The quality of our public schools is perhaps the greatest test of our responsibility to the next generation. I believe we have an obligation to do what’s right for our children—to meet their long-term needs.

My differences with George W. Bush are not personal. But when it comes to education reform, I have serious questions about his plans and about his resolve.

Here’s the problem: gradual change in education just won’t meet our challenge for a new century. We need to act boldly, and we need to act now—because our children can’t wait any longer. If we want to give our children a world-class education, we have to hold ourselves to world-class standards. Can we really afford to wait another 10 or 20 years to see if gradual change will be sufficient? Can we really say to today’s parents: sorry, we hope to have this problem solved for the next generation of children?

And we also have to avoid the wrong kind of change—which would drain money away from public schools.

I know how hard America’s teachers and principals are working. They need and deserve our help—here in Texas, and across America.

The people of Texas deserve better than a pre-school participation rate 28 percent below the national average. But Governor Bush has no answer for Texas—and no national proposal for universal pre-school.

The people of Texas deserve better than 40,000 teacher vacancies this year alone, with this state ranked 41st in the nation in standards for teacher quality. But Governor Bush has no answer for Texas, and no national plan to put a qualified teacher in every classroom. He even opposes the 100,000 teachers we are hiring across the country.

The people of Texas deserve better than a shortage of 12,000 new classrooms over the next ten years to meet skyrocketing enrollments. But Governor Bush has no answer for Texas—and he openly mocks the very idea of national commitment to school construction.

Here in Texas, when George W. Bush took office, he tried to let schools escape the state’s requirement for smaller class sizes. Now he’s offering no national plan to reduce class size. The people of Texas—and the American people—deserve better than larger class sizes and a few more speeches on education.

Consider Governor Bush’s national accountability agenda. Its centerpiece is a proposal to drain public money away from public schools with private school vouchers.

In fact, his answer for failing schools is to take away a major portion of their funding, and allow it to be used for private schools through vouchers—giving parents a fraction of what private tuition really costs, and giving taxpayer dollars to schools that are accountable to no one.

Governor Bush says he’s for public school choice—but since he does nothing to rebuild crumbling schools or reduce class size, his idea of public school choice is to send more children to school in antiquated, overcrowded classrooms.

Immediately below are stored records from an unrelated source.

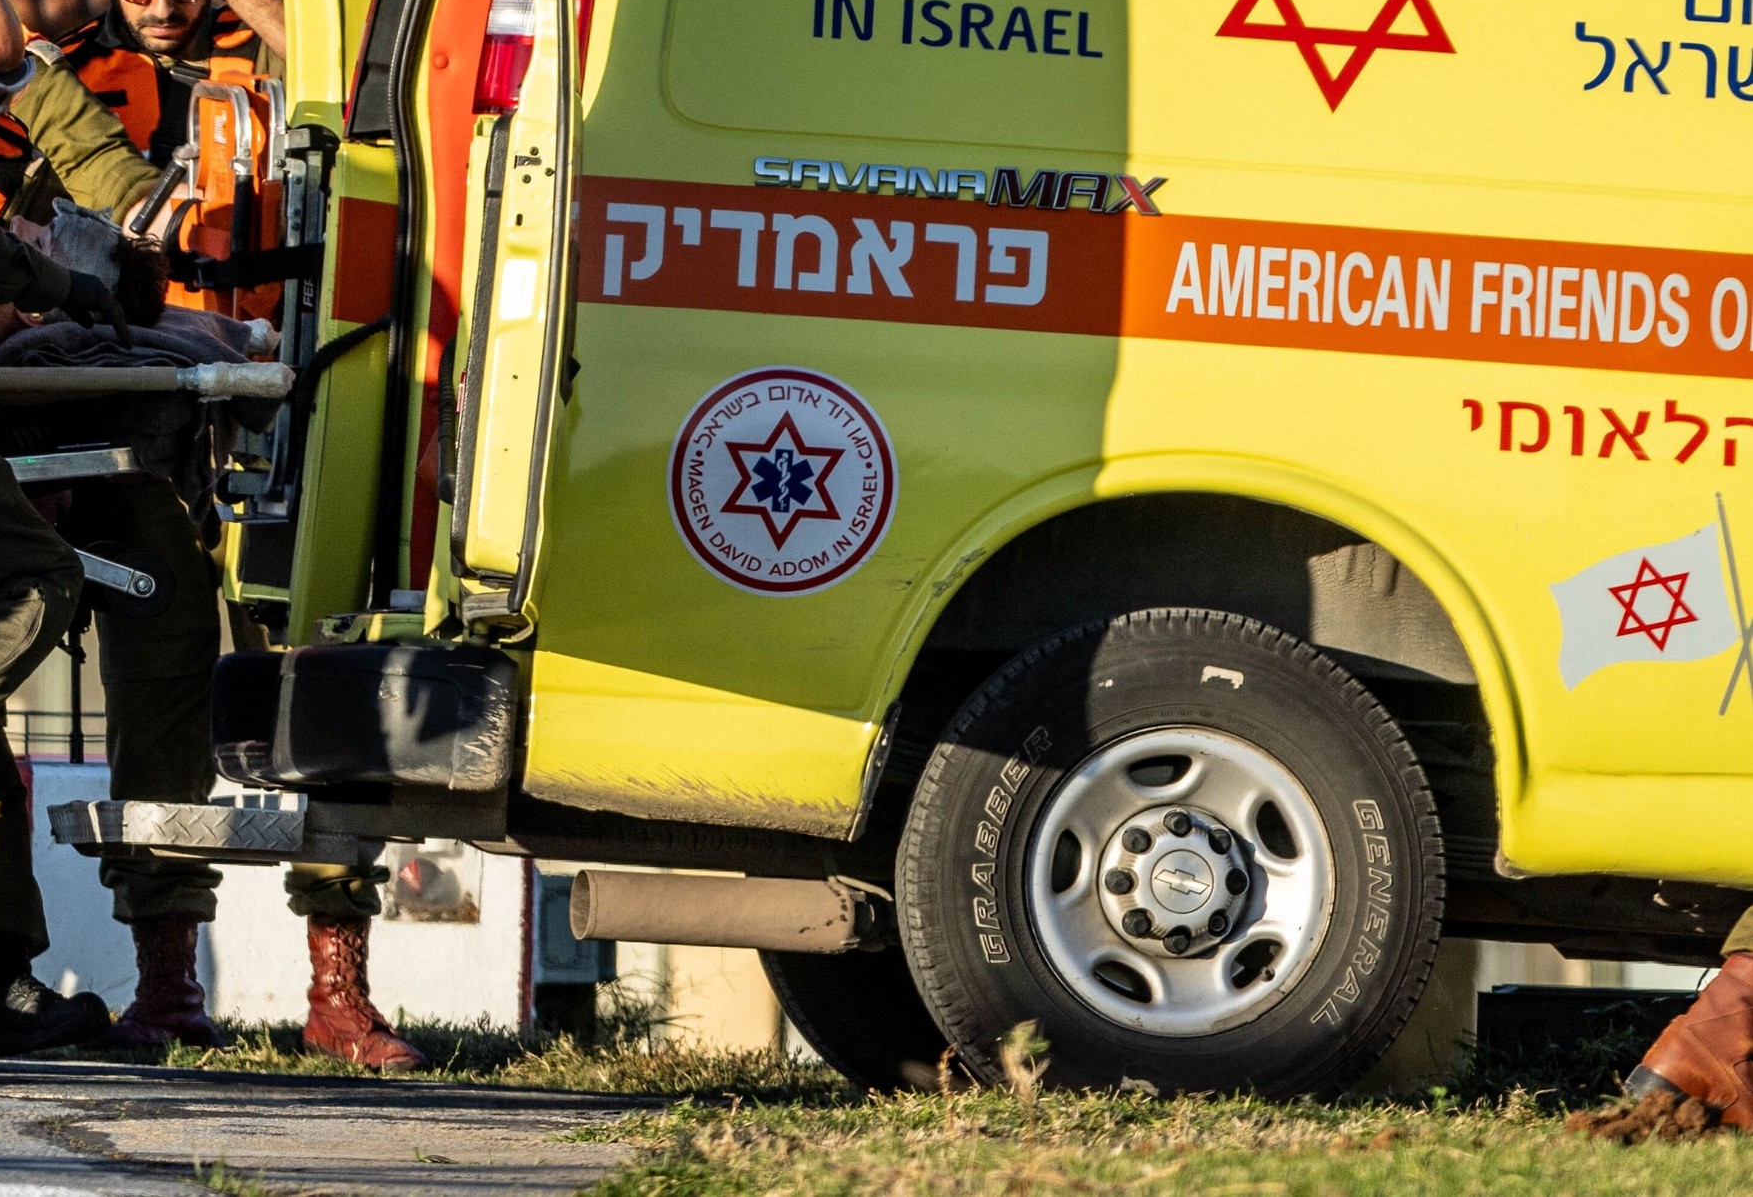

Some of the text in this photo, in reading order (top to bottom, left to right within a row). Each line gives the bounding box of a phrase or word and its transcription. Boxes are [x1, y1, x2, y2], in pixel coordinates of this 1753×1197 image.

[602, 202, 1050, 307] פראמדיק
[1166, 241, 1753, 353] AMERICAN FRIENDS O
[693, 391, 762, 450] בישראל
[768, 385, 822, 408] אדום
[687, 458, 878, 577] MAGEN DAVID ADOM IN ISRAEL
[972, 725, 1053, 964] GRABBER
[1310, 799, 1393, 1026] GENERAL
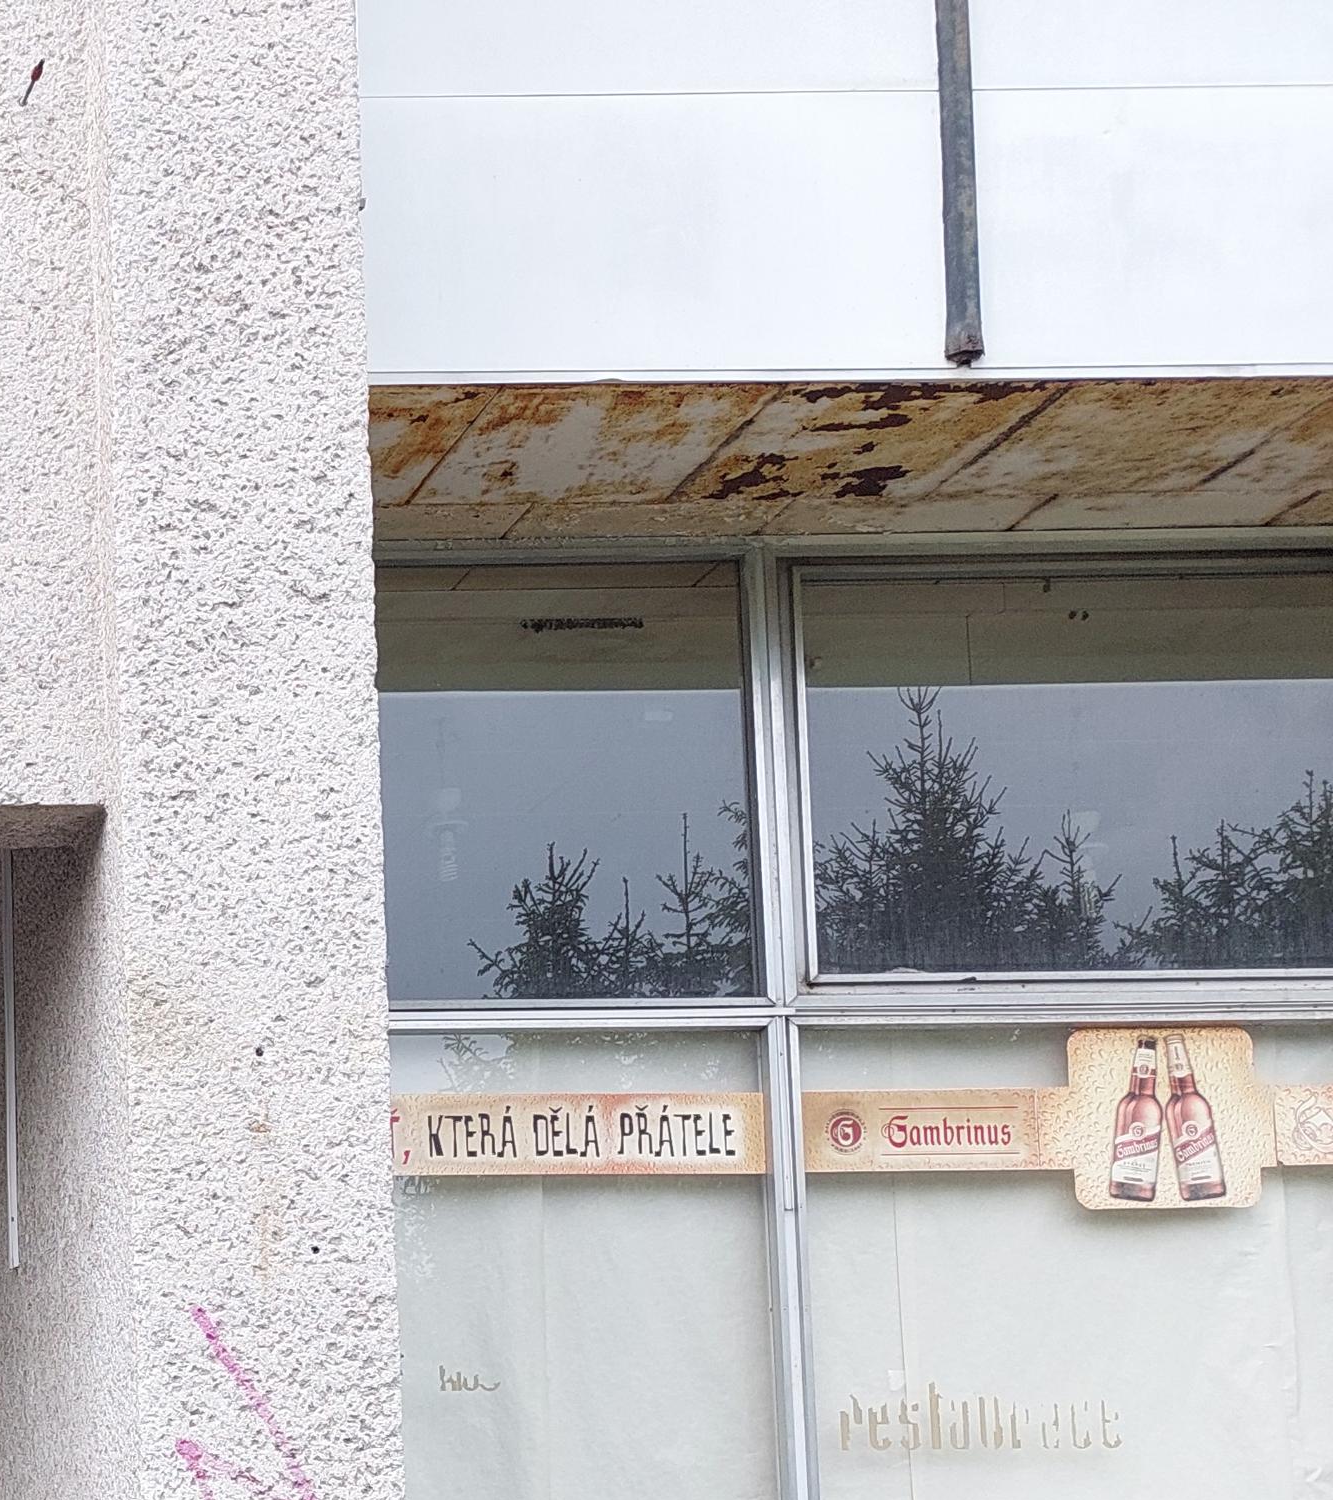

Finally, the underlying truth is that Governor Bush simply can’t make a major national commitment to reform education—because he’s already spent all the money on a risky, $2.1 trillion tax scheme designed to lavish more on those who already have the most. Governor Bush is proposing to spend about 100 dollars on risky tax cuts for every dollar he puts into education. Who in this room believes he has the right priorities?

Should America squander this extraordinary prosperity on an irresponsible tax scheme—while draining money from the public schools that are the greatest responsibility we have to the next generation?

I know how hard our teachers and students are working—here in Texas and across America. I know how hard our parents are striving to pass on the American dream to their children.

And I know that we have more than a chance to help them—we have a profound responsibility.

This is truly an extraordinary time for America. Our children and grandchildren will grow up in a world with opportunities as wide and open as the Texas sky. Many of them will work in jobs and industries that we cannot even imagine today. We may never have another chance like this one—to remake the schools they depend on, and strengthen the world that will soon be theirs.

Together, let’s honor that responsibility to the next generation. We have a lot of work ahead of us—in our nation’s capital, and in the cities and towns you lead. I can’t wait to get started. Thank you.